**Task directions:** All of the records below should be retyped exactly, with no pictures included.

Items from a data source:
==========
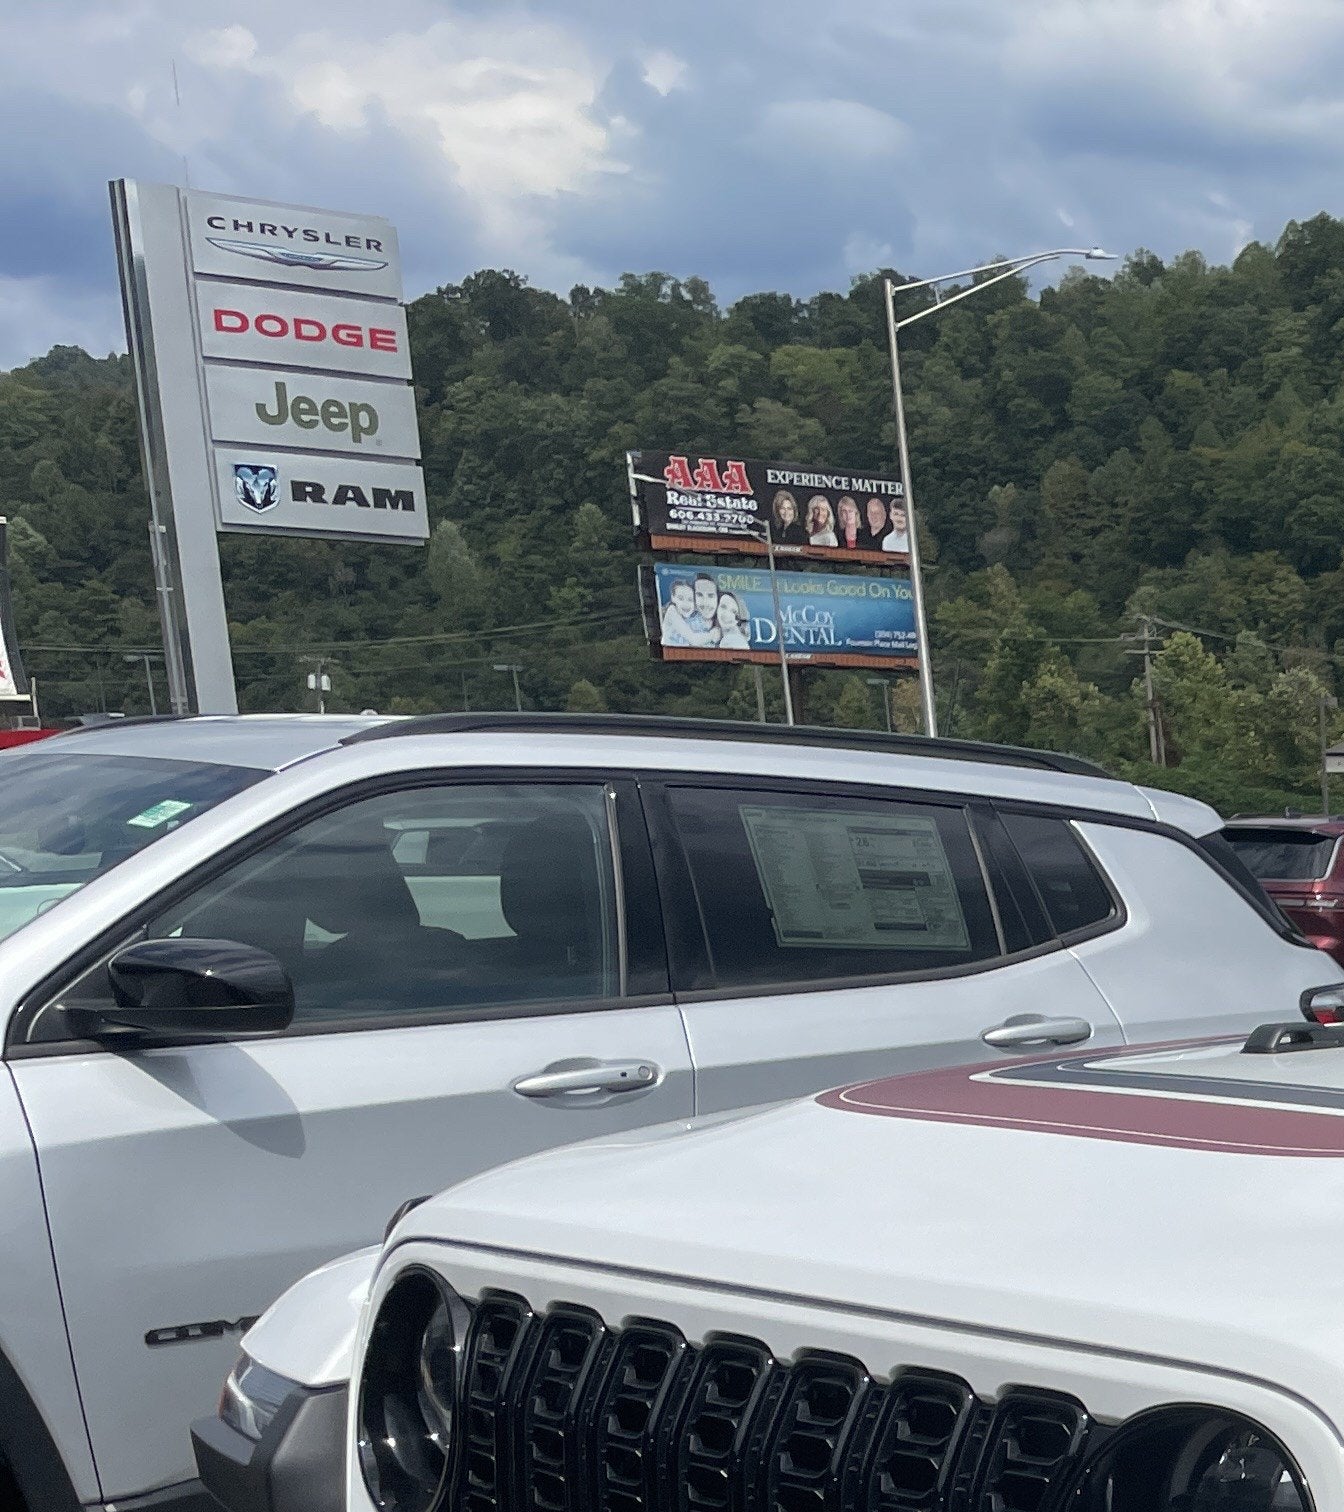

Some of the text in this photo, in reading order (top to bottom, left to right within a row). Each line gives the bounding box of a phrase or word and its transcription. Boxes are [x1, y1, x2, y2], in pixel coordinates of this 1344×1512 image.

[206, 215, 383, 253] CHRYSLER
[213, 308, 399, 353] DODGE
[255, 381, 379, 444] Jeep
[663, 455, 754, 496] AAA
[766, 468, 850, 491] EXPERIENCE
[290, 479, 416, 513] RAM
[869, 581, 890, 598] On
==========
**Final answer:**
Some of the text in this photo, in reading order (top to bottom, left to right within a row). Each line gives the bounding box of a phrase or word and its transcription. Boxes are [x1, y1, x2, y2], in pixel coordinates of this 1344×1512 image.

[206, 215, 383, 253] CHRYSLER
[213, 308, 399, 353] DODGE
[255, 381, 379, 444] Jeep
[663, 455, 754, 496] AAA
[766, 468, 850, 491] EXPERIENCE
[290, 479, 416, 513] RAM
[869, 581, 890, 598] On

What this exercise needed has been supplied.